I shook my head. ‘Indeed, sir,’ said I, ‘her affairs are so changed, that I wished to ask you whether it would be possible - at a sacrifice on our part of some portion of the premium, of course,’ I put in this, on the spur of the moment, warned by the blank expression of his face - ‘to cancel my articles?’
What it cost me to make this proposal, nobody knows. It was like asking, as a favour, to be sentenced to transportation from Dora.
‘To cancel your articles, Copperfield? Cancel?’
I explained with tolerable firmness, that I really did not know where my means of subsistence were to come from, unless I could earn them for myself.

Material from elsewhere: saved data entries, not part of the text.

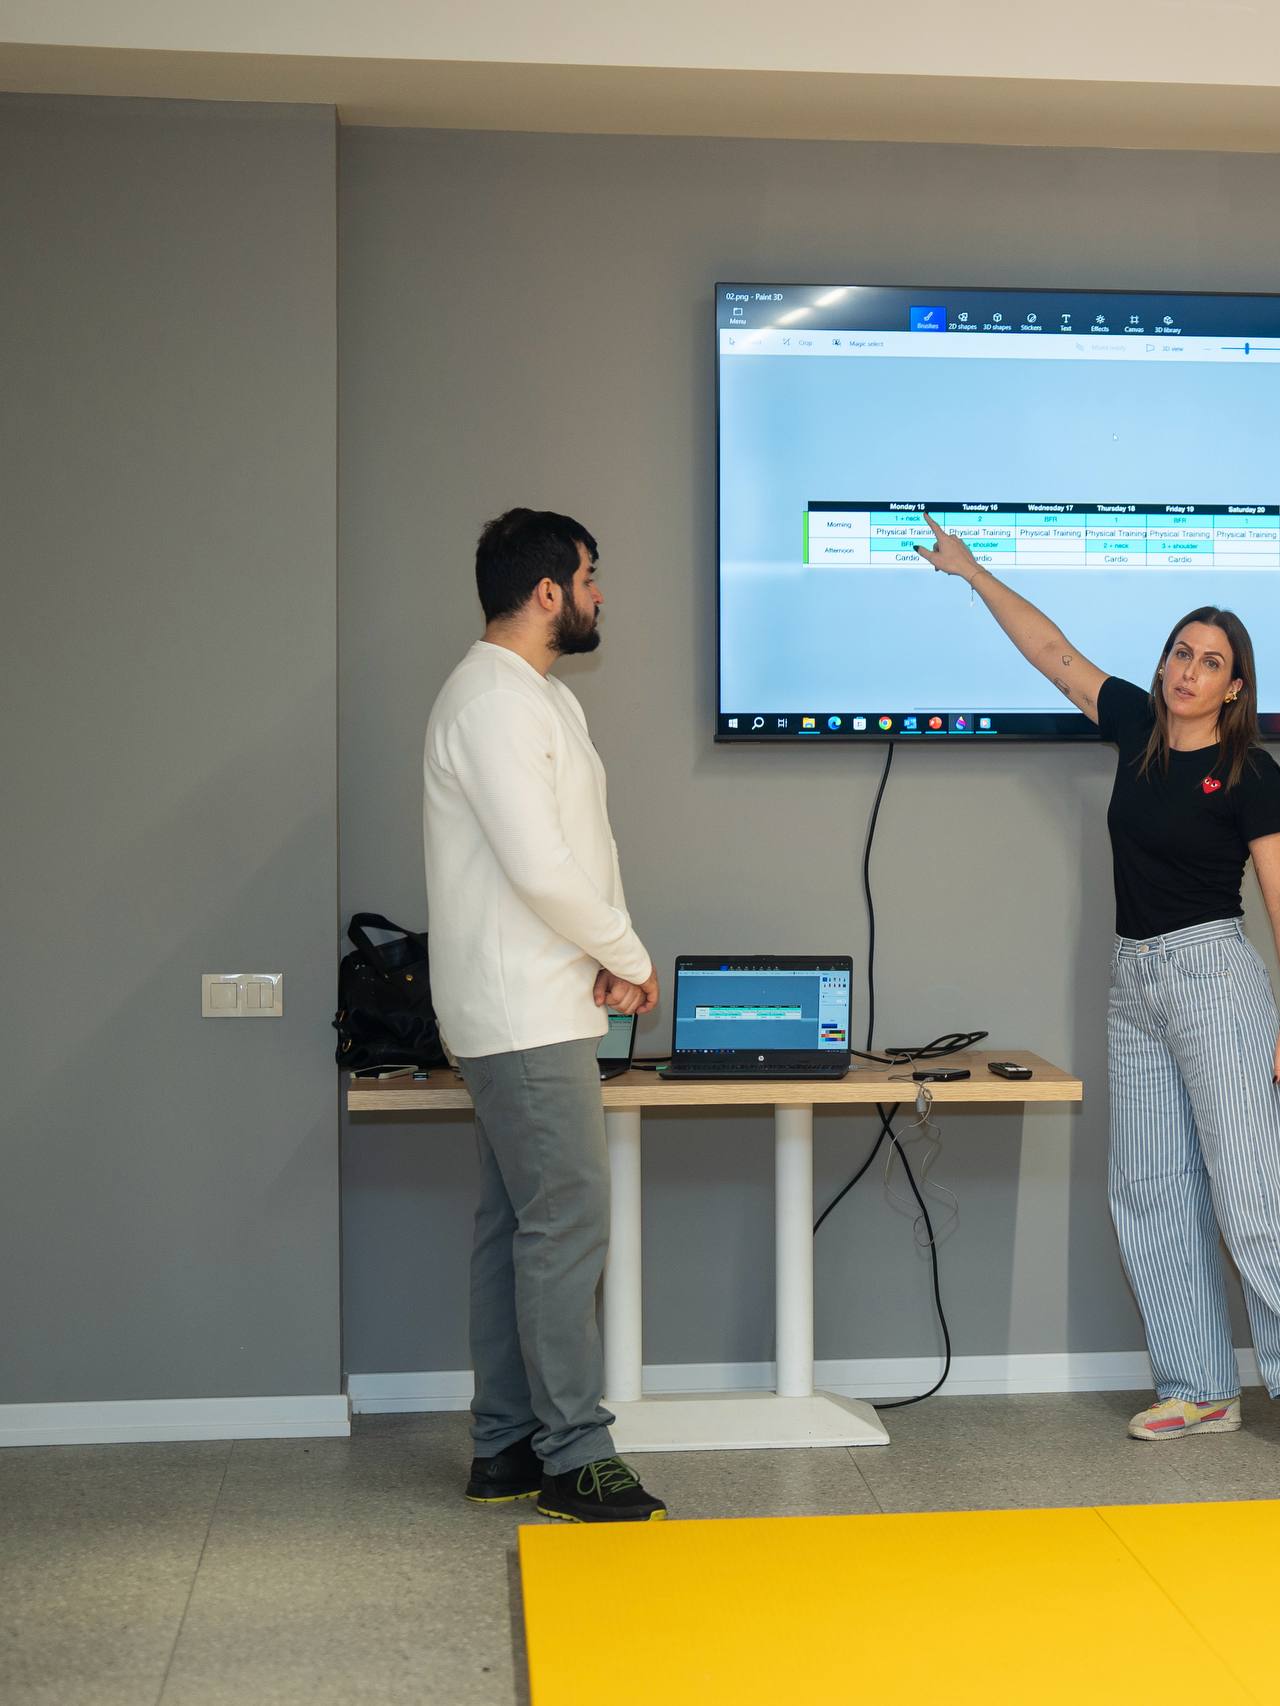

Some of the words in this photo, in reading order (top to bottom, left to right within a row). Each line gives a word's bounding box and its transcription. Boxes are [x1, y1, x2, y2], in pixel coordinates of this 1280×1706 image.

[726, 292, 749, 302] 02.png
[755, 293, 772, 301] Paint
[773, 293, 783, 301] 3D
[958, 323, 977, 331] shapes
[983, 323, 992, 331] 3D
[993, 324, 1012, 332] shapes
[1164, 327, 1181, 335] library
[890, 503, 916, 511] Monday
[877, 528, 907, 536] Physical
[949, 529, 980, 537] Physical
[983, 529, 1011, 537] Training
[1020, 529, 1051, 537] Physical
[1053, 530, 1082, 538] Training
[1119, 530, 1147, 538] Training
[1150, 530, 1179, 538] Physical
[1217, 531, 1246, 539] Physical
[1249, 531, 1277, 539] Training
[1104, 555, 1129, 563] Cardio
[1168, 555, 1193, 563] Cardio

I had no fear for the future, I said - and I laid great emphasis on that, as if to imply that I should still be decidedly eligible for a son-in-law one of these days - but, for the present, I was thrown upon my own resources. ‘I am extremely sorry to hear this, Copperfield,’ said Mr. Spenlow. ‘Extremely sorry. It is not usual to cancel articles for any such reason. It is not a professional course of proceeding. It is not a convenient precedent at all. Far from it. At the same time -‘
‘You are very good, sir,’ I murmured, anticipating a concession.
‘Not at all. Don’t mention it,’ said Mr. Spenlow. ‘At the same time, I was going to say, if it had been my lot to have my hands unfettered - if I had not a partner - Mr. Jorkins -‘
My hopes were dashed in a moment, but I made another effort.
‘Do you think, sir,’ said I, ‘if I were to mention it to Mr. Jorkins -‘
Mr. Spenlow shook his head discouragingly. ‘Heaven forbid, Copperfield,’ he replied, ‘that I should do any man an injustice: still less, Mr. jorkins. But I know my partner, Copperfield. Mr. jorkins is not a man to respond to a proposition of this peculiar nature. Mr. jorkins is very difficult to move from the beaten track. You know what he is!’
I am sure I knew nothing about him, except that he had originally been alone in the business, and now lived by himself in a house near Montagu Square, which was fearfully in want of painting; that he came very late of a day, and went away very early; that he never appeared to be consulted about anything; and that he had a dingy little black-hole of his own upstairs, where no business was ever done, and where there was a yellow old cartridge-paper pad upon his desk, unsoiled by ink, and reported to be twenty years of age.
‘Would you object to my mentioning it to him, sir?’ I asked.
‘By no means,’ said Mr. Spenlow. ‘But I have some experience of Mr. jorkins, Copperfield. I wish it were otherwise, for I should be happy to meet your views in any respect. I cannot have the objection to your mentioning it to Mr. jorkins, Copperfield, if you think it worth while.’
Availing myself of this permission, which was given with a warm shake of the hand, I sat thinking about Dora, and looking at the sunlight stealing from the chimney-pots down the wall of the opposite house, until Mr. jorkins came. I then went up to Mr. jorkins’s room, and evidently astonished Mr. jorkins very much by making my appearance there.
‘Come in, Mr. Copperfield,’ said Mr. jorkins. ‘Come in!’
I went in, and sat down; and stated my case to Mr. jorkins pretty much as I had stated it to Mr. Spenlow. Mr. Jorkins was not by any means the awful creature one might have expected, but a large, mild, smooth-faced man of sixty, who took so much snuff that there was a tradition in the Commons that he lived principally on that stimulant, having little room in his system for any other article of diet.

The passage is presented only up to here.